Manchmal muss auch Hausarbeit sein und da läuft meist das Radio. Und beim Bügeln hab ich heute hintereinander gleich zwei Beiträge gehört, die gut zu der Frage passen, wofür wir eigentlich arbeiten.
Im Journal-Panorama (noch 7 Tage zum nachhören) ging es um Burnout. Ob das jetzt wirklich eine neue „Krankheit“ ist, oder nur eine neue Bezeichnung für etwas, was es schon lange gibt, oder nur ein Hype, der vor allem manchen viel Geld bringt, ist nicht ganz klar. Obwohl man Burnout, so hieß es dort, nicht wirklich diagnostizieren kann und auch nicht genau weiß, was das eigentlich ist, ist er inzwischen die Hauptursache für Frühpensionen – und die Prävention, vor allem aber die Behandlung und Rehabilitation, hat sich zu einem aufstrebenden Geschäftsfeld entwickelt.

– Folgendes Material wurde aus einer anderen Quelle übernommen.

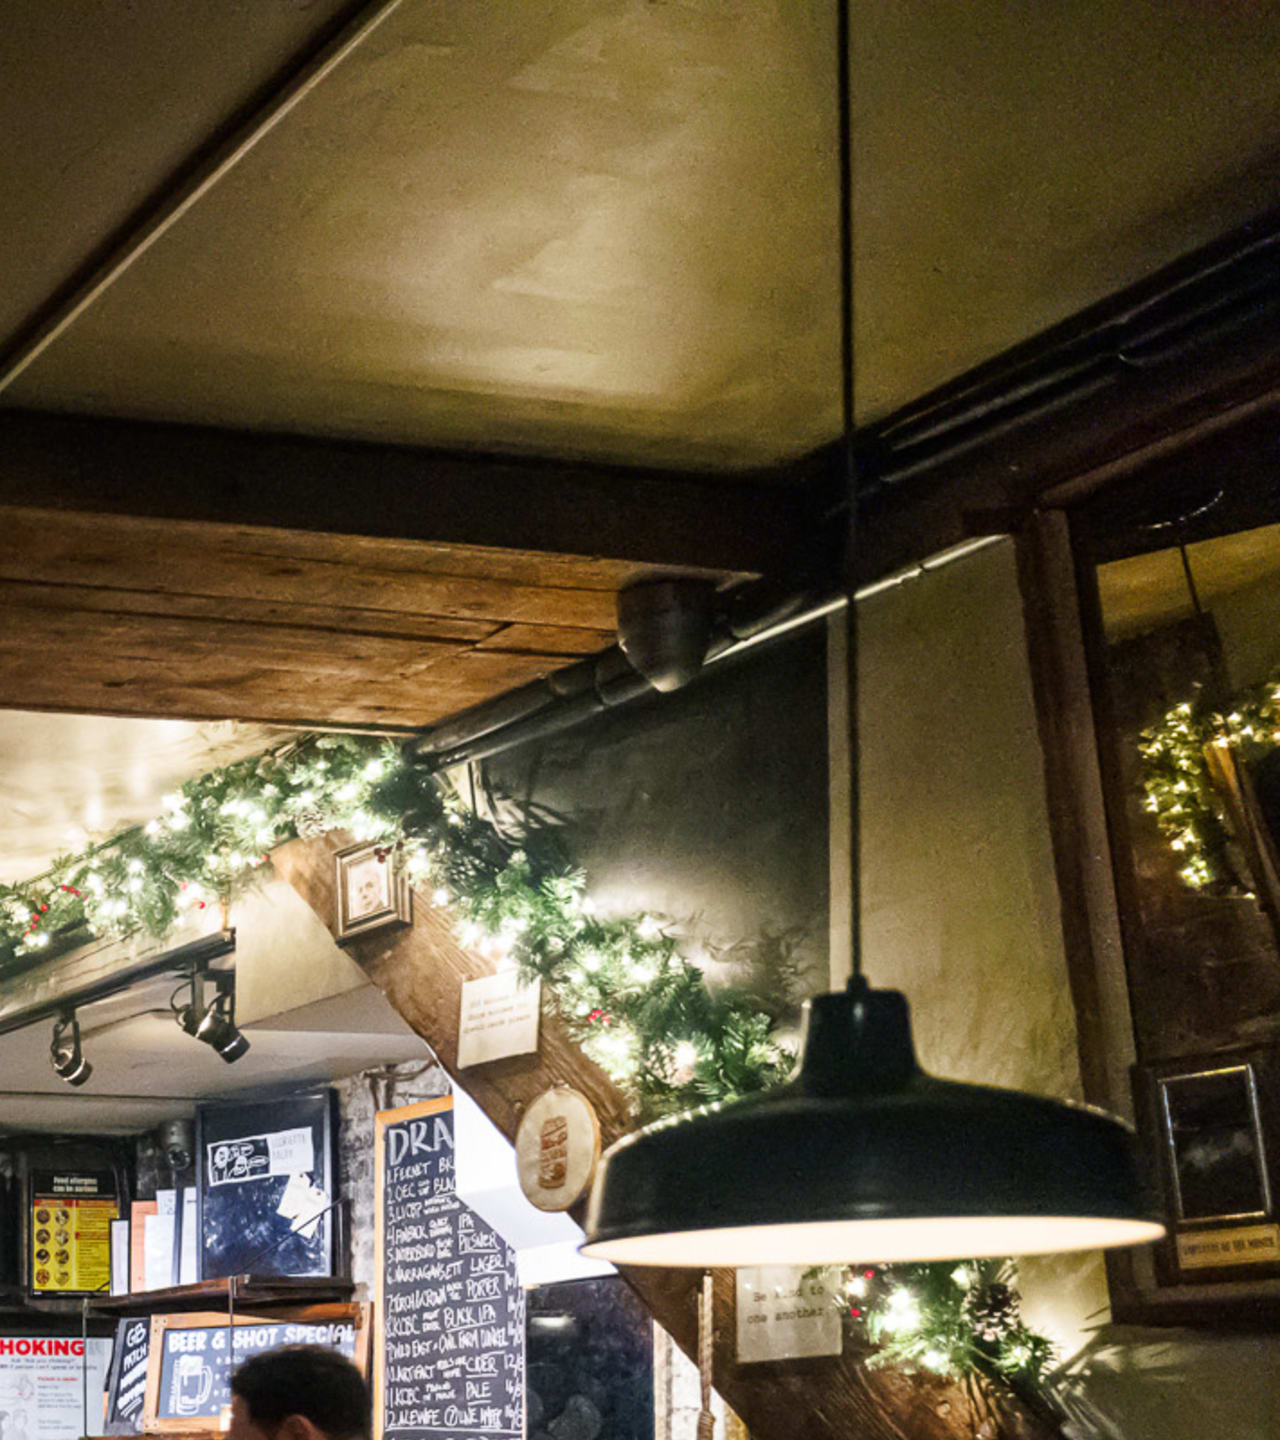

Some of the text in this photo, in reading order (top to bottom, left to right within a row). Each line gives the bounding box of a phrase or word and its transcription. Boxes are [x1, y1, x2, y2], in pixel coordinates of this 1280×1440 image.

[169, 1324, 356, 1353] BEER & SHOT SPECIAL

Es ist ein hochpreisiges Angebot an Sanatorien und Privatkliniken – 24 solcher Anbieter hat der „Relax Guide“ (offensichtlich braucht man heute zum Entspannen schon eine Gebrauchsanweisung) getestet. Kostenpunkt 800 – 4000 € pro Woche, Erfolg nicht garantiert, Qualitätskriterien: keine. Das ist ein freier Markt, meint der Tester, da weiß man nicht immer, was man kauft. Für Menschen mit kleinerer Geldbörse gibt es meist bestenfalls Medikamente, Psychopharmaka, damit sie wieder funktionieren. Die Warteliste für von der Krankenkasse bezahlte Reha-Aufenthalte ist lang, wer bis dorthin nicht von selbst gesund ist, dem ist vermutlich eh nicht mehr zu helfen.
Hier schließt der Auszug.